中国の農民が増収面でぶつかっている困難とその対策

 ――ここ数年来、中国の農民の収入増加は増収の空間が小さくなり、市場ニーズによる制約が激しくなり、農業以外産業の発展がスローダウンし、都市化のプロセスが遅れ、農民の負担が重すぎ、農業政策が片寄っているなどの制約を受けた。苦境から抜け出し、農民の収入を適切に増やすには、農業構造を最適化させ、グレードアップし、都市化の建設を加速し、農村の税金と費用の改革を推し進め、農業への投入と農業保護を強化しなければならない。

高潔(華中科学技術大学管理学院博士コース大学院生・湖北経済学院助教授)

王韜(華中科学技術大学管理学院教授・博士コース大学院生の指導教官)

 ここ数年来、中国の農民増収のスローダウンは農村の需要不足、農村市場の開拓困難の重要な原因となっている。どのように農民の収入を増やし、農村住民の購買力を高め、農村市場の需給による制約を緩和し、農村経済の発展を促すかは、社会各界が関心を寄せる焦点の一つとなっている。そのため、中国の農民の増収がぶつかっている困難を探究し、農民の収入を確実に増やす基本的対策を探し当てることは、当面の中国の農村経済を発展させるに当たって必ず解決しなければならない際立った問題である。

直面している苦境

 1996年以来、中国の農業は連年豊作であったが、農民の増収がスロータウンし、収入がやや減ったところさえあった。統計によると、1996年の農民の1人当たり純収入は前年より9%増えたが、1997年の増加率は4.6%に下がり、1998年は4%に下がり、1999年は3.8%に下がり、2000年は2%にまで下がった。農民の収入の伸び率が4年連続して下がった原因は、主に農民の増収が次のようなの困難にぶつかっていたからである。

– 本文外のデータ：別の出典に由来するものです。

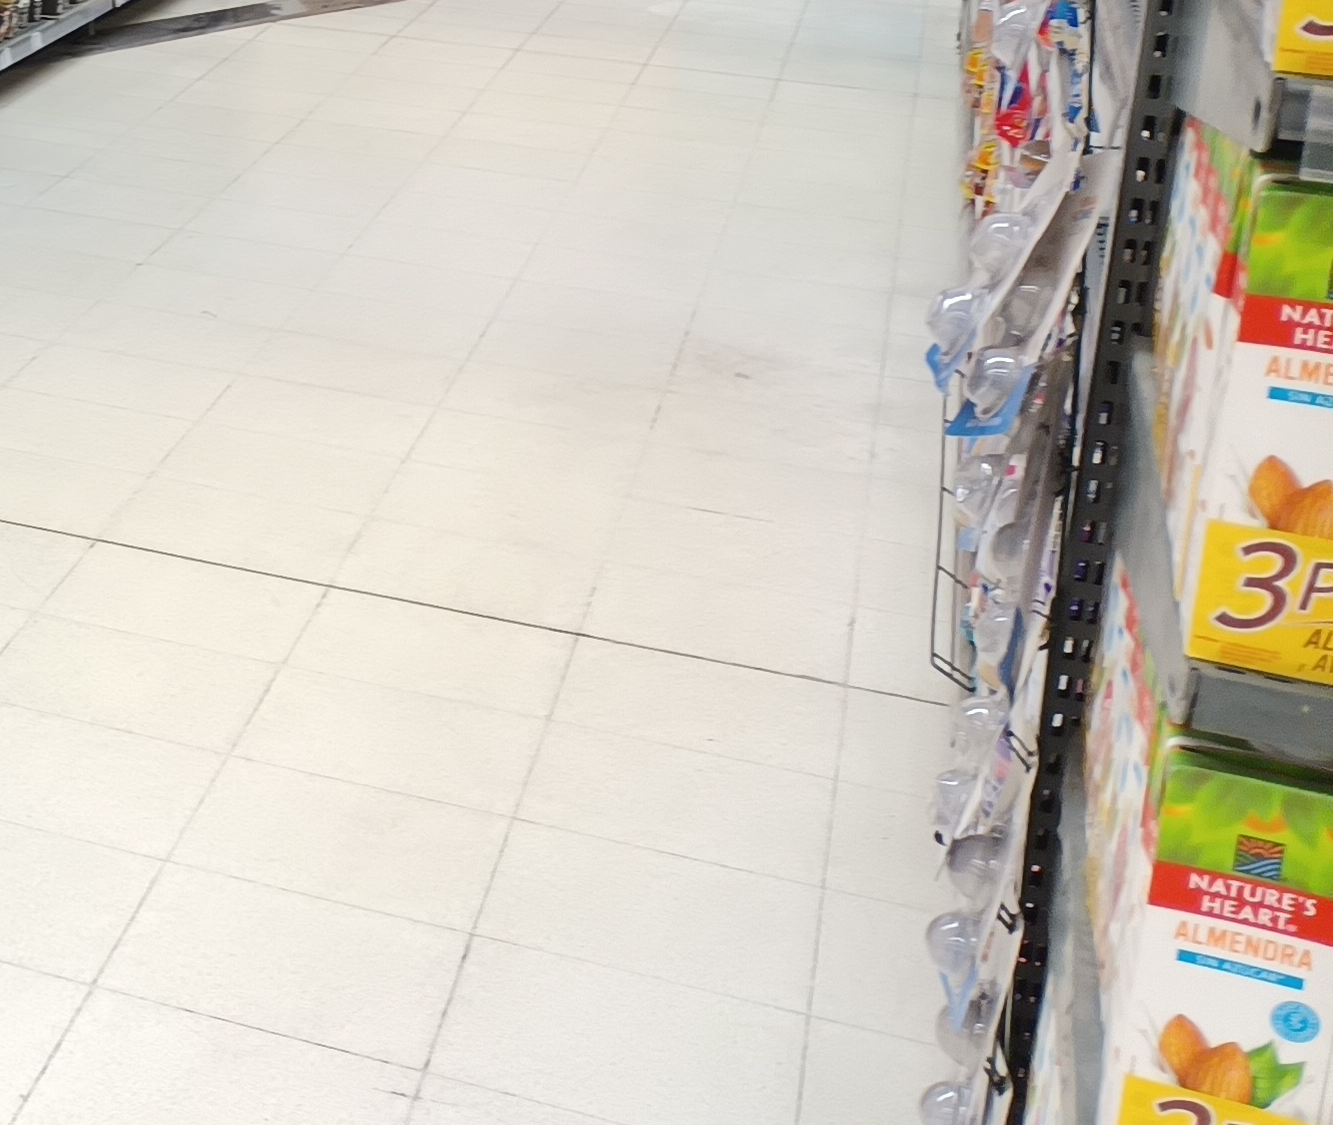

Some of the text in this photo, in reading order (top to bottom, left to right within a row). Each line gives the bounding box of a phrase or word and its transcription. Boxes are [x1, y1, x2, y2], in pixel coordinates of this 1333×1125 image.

[1189, 872, 1318, 917] NATURE'S
[1200, 894, 1293, 931] HEART
[1173, 920, 1313, 971] ALMENDRA

 1.単に農産物の値上げに頼って農民の収入を増やす空間がますます小さくなってきた。改革・開放以来、中国政府は工業製品と農産物の比価関係をすっきりさせ、農民の生産意欲を引き出すため、農産物の買付け価格を何回も引き上げ、農民の収入を増やす上で重要な役割を果たした。しかし、農産物の値上げの空間は無限に大きなものではない。現在、中国の大多数の農産物の価格は完全に市場によって決定され、国際市場の価格に接近するかそれを上回っている。このような状況の下で、引き続き農産物の値上げに頼って農民の収入を増やすのは難しいだけでなく、現実的でもない。

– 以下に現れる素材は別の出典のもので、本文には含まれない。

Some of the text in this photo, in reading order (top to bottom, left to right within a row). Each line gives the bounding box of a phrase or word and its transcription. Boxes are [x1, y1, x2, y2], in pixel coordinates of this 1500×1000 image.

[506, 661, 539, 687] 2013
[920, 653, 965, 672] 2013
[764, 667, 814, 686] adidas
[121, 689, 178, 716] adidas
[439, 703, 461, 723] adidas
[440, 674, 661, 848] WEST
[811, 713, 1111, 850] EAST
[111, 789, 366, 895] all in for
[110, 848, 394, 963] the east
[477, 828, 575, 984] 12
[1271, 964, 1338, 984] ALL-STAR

 2.農産物の需給構造の変化は農民の増収に日ましに市場の制約を受けさせるようになった。改革・開放以来の経済の持続的高成長によって、中国の農産物供給総量はすでに以前の長期不足から需給が一応バランスを保つようになったことに変わり、需給矛盾はすでに総量の矛盾を主とすることから構造の矛盾を主とすることに変わった。そのため、農業の発展が日ましに強くなる市場制約に直面する形勢の下で、農産物総量の拡大は、農業の面で農民により多くの就業の機会と収入源を作り出すことができなくなった。1980年代中期以来、農産物が売りにくいため、農民が豊作の年に増産したが増収を達成できなかったのは、現実となったのはまさに農産物の需給関係の変化がもたらした必然的な結果である。特に中国のWTO加盟後、多様化、高品質の農産物の市場需要がますます大きくなり、これまでずっと増産で増収をはかっている中国の農民はより大きな挑戦に直面することになろう。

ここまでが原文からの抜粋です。